I have to admit that I have a tendency to hold a grudge. I “say” that I don’t. I say that I forgive and all of that but in reality it hit me smack in the face that I have been very guilty of not forgetting and forgiving. Today I read an article about a man who had said something to me in the past that really hurt me. It was a conversation that happened the day after we had to put my father in law into a care facility because we were just not able to handle his care on our own. It was a hard decision. Very hard. And one that we felt had to be made. So maybe I was particularly raw that day when I had this conversation with this gentleman—I am sure I was but his words cut to my core. He suggested that we were wrong in doing what we were doing and compared his care of his mother to how we were caring for my father in law. He said that they were keeping her in her home—arranging it all so that she could stay there and that we should do the same. Now remember that I really did not have a relationship with this man. I was in his business to browse and the conversation started and is usual in my case evolved into quite a long and detailed account of his life and mine. I left the business hurt and upset and vowed to never go back there again and I haven’t. And I have not forgotten that conversation.
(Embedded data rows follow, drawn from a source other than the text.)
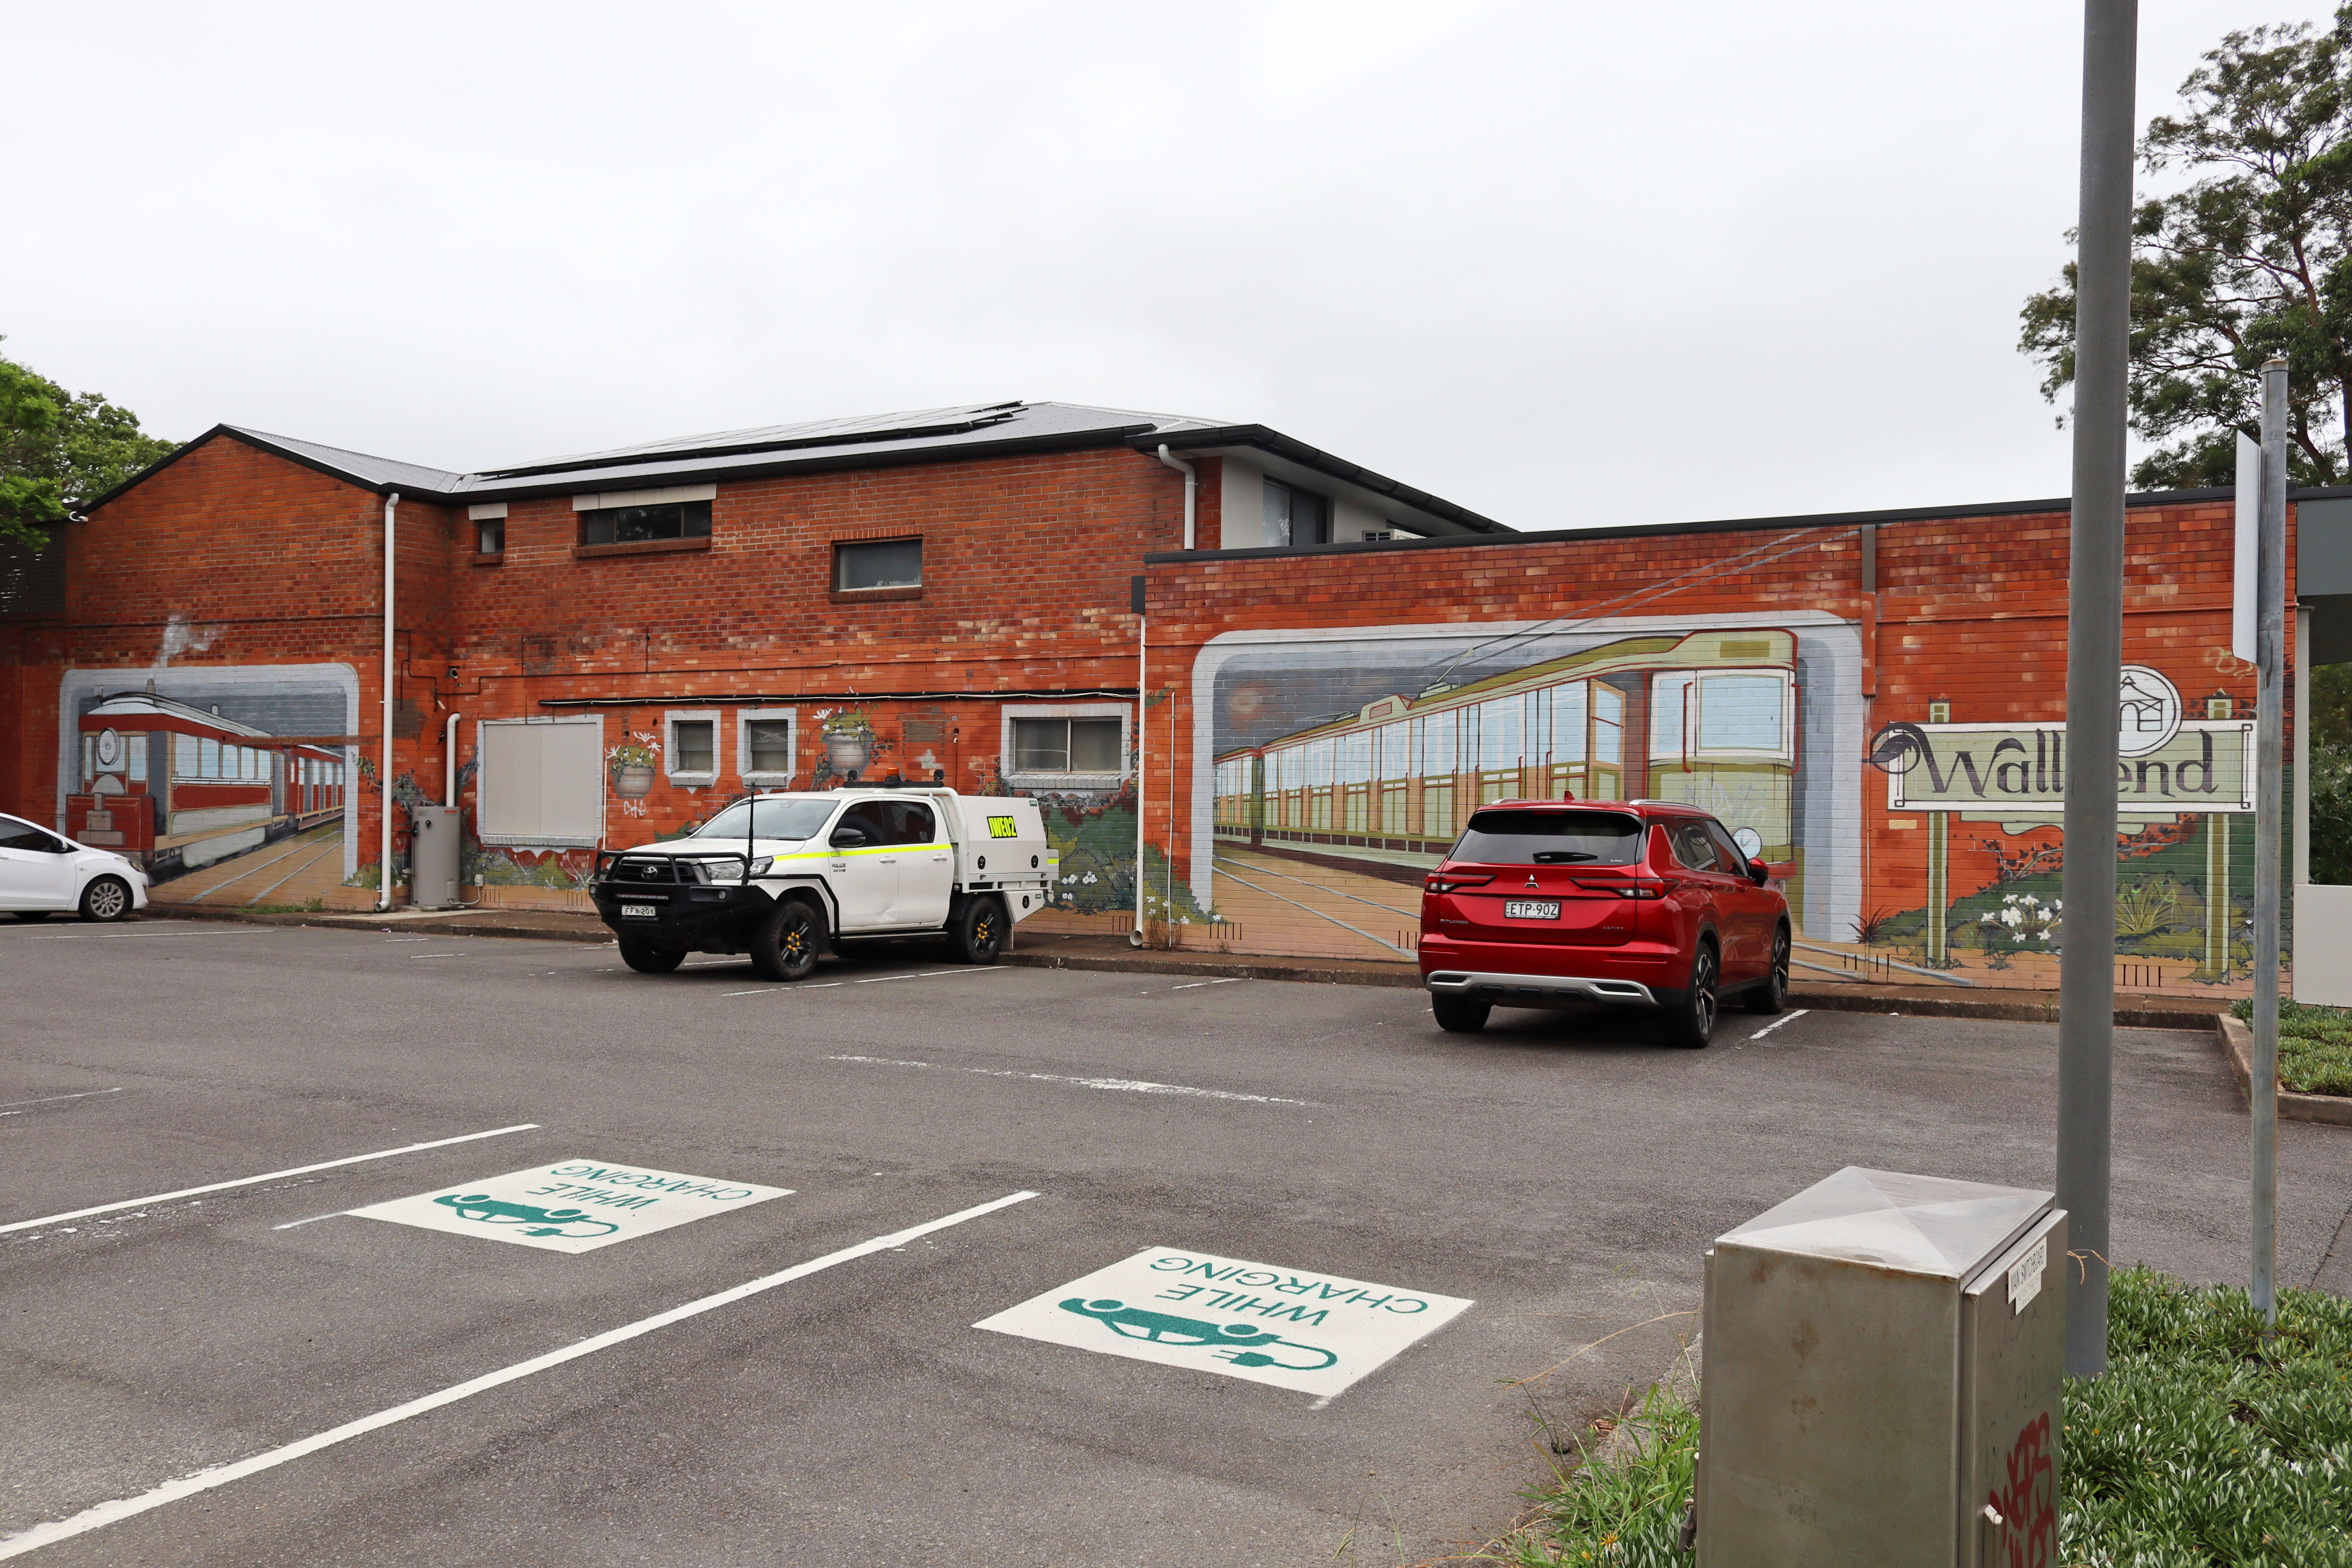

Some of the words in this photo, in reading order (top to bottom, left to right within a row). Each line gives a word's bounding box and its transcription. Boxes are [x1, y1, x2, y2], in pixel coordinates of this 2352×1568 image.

[1871, 723, 2219, 798] Wallend
[988, 817, 1017, 837] JWE02
[524, 1183, 661, 1209] WHILE
[551, 1166, 752, 1200] CHARGING
[1149, 1257, 1429, 1314] CHARGING
[2011, 1268, 2020, 1294] MAIN
[2021, 1245, 2044, 1284] SWITCHBOARD
[1154, 1283, 1329, 1326] WHILE
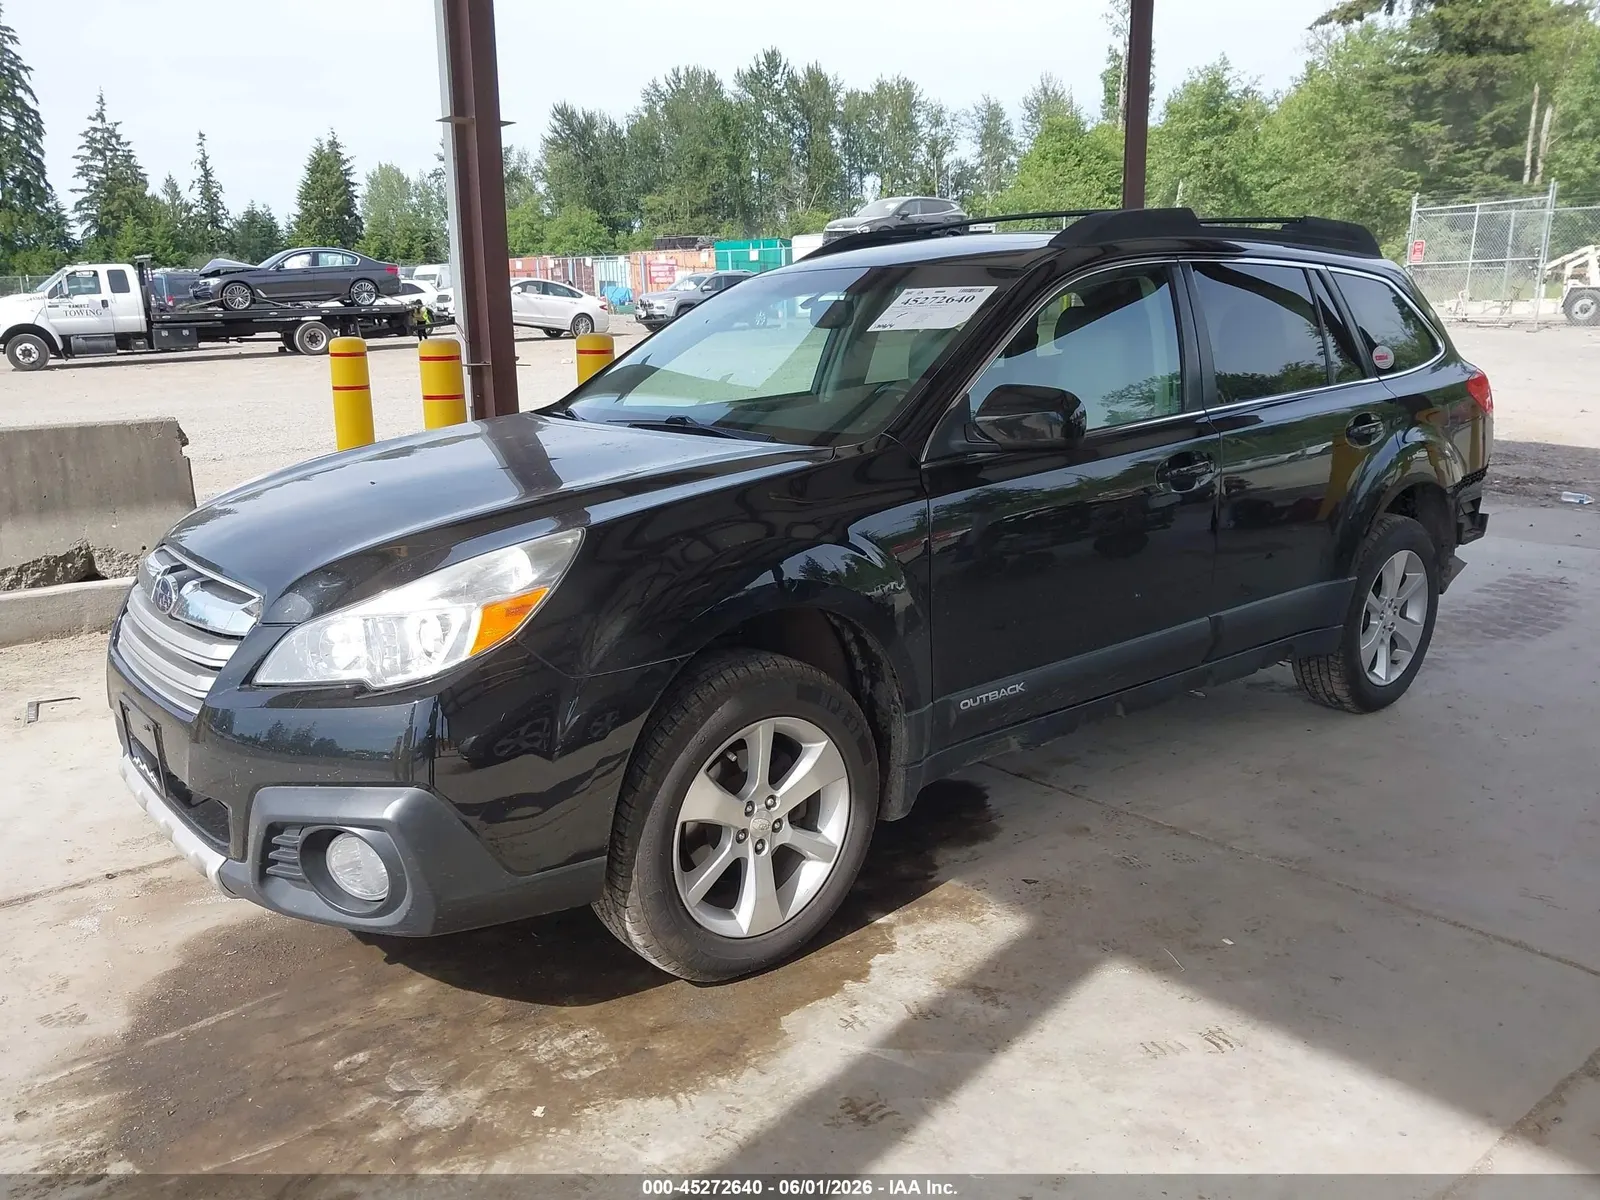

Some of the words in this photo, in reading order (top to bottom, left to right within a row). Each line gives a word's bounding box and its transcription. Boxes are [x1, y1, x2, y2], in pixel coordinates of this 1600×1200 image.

[901, 295, 976, 306] 45272640
[63, 308, 103, 317] TOWING
[960, 681, 1026, 710] OUTBACK
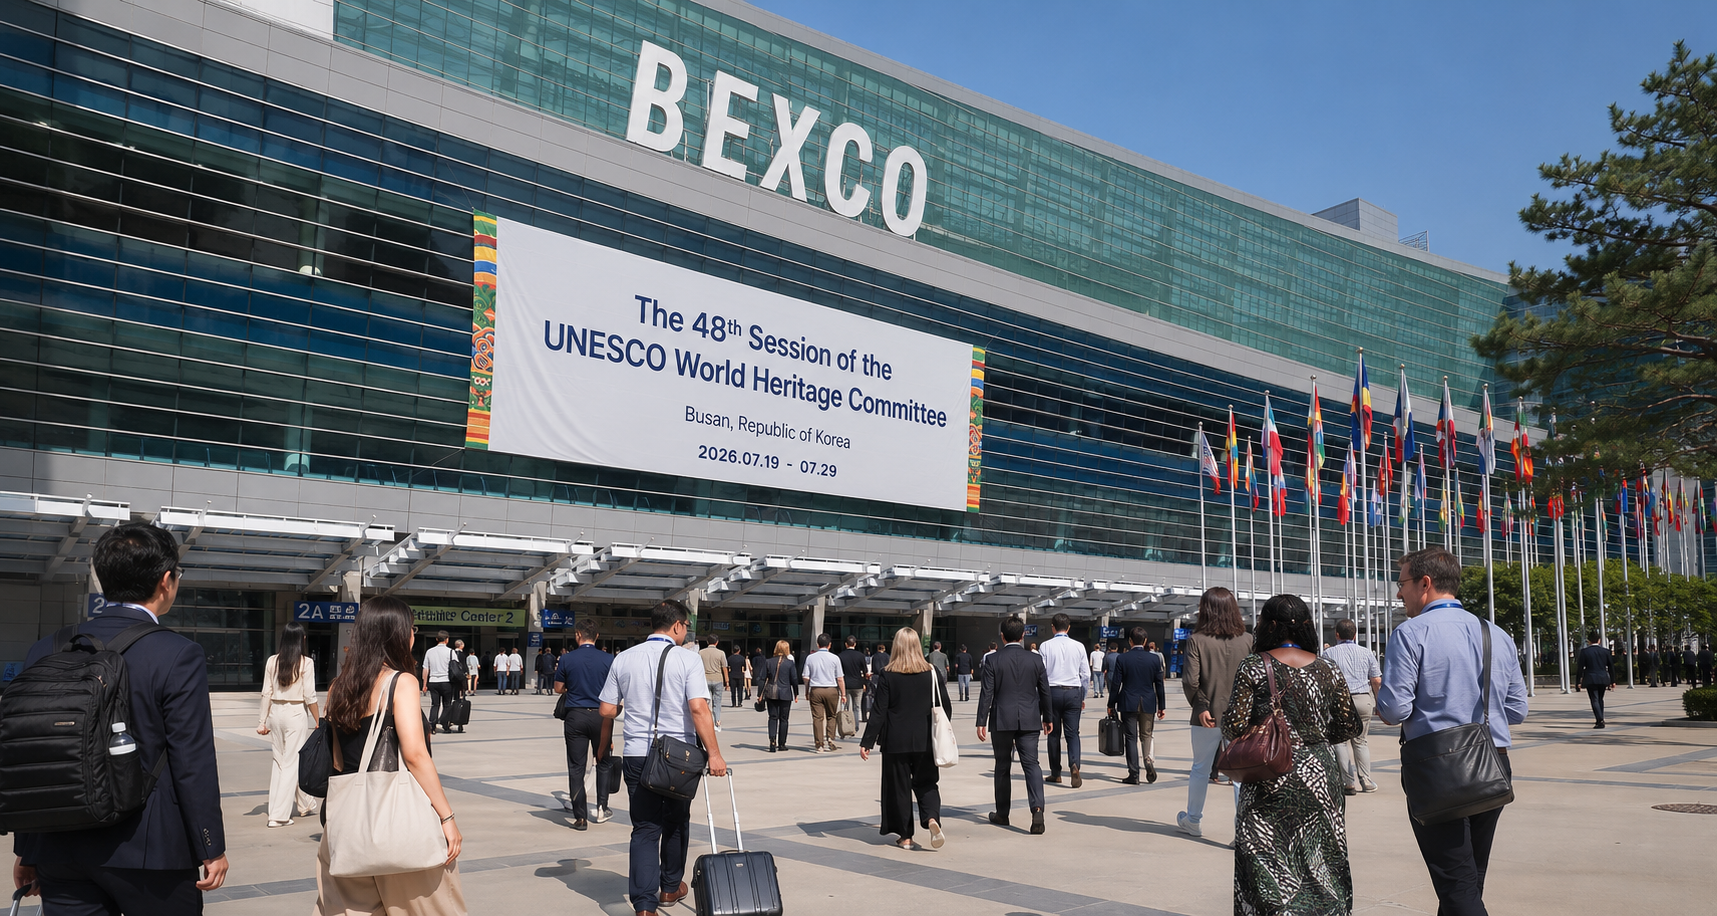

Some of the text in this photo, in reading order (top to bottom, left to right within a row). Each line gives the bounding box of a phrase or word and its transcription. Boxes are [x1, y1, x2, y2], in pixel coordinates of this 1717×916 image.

[626, 40, 928, 237] BEXCO
[635, 295, 893, 381] The 48th Session of the
[545, 320, 947, 428] UNESCO World Heritage Committee
[685, 406, 851, 449] Busan, Republic of Korea
[698, 445, 780, 470] 2026.07.19
[800, 461, 837, 478] 07.29
[298, 603, 324, 620] 2A
[505, 611, 514, 624] 2
So today I read an article about this same man. About an operation that went south. It went REALLY south and he ended up losing a limb and fingers and all because of a surgery that was in no way related to what eventually happened to him. It is very sad. And I thought about that encounter months ago and how upset I was at his words and his insistence that we were doing wrong by my father in law. The words still sting. The advice he gave me was unwanted. But do I wish that he had horrible things happen to him later? No way. I read the lengthy article about this man and was caught up in his struggle and even though it does not excuse his words to me maybe it is softening my heart a bit. He is a fighter and I am convinced after reading of his spirit and of his determination that he will handle this tragedy with grace and dignity and come out very well in the end.
It makes me think about my words and how often I may have been guilty of the same things. I try to not offer unwanted advice and am very careful with my opinions but I am sure this man had no idea how his words affected me at the time so perhaps I have been guilty of the same. I am trying to not hold a grudge. There is so much I need to work on.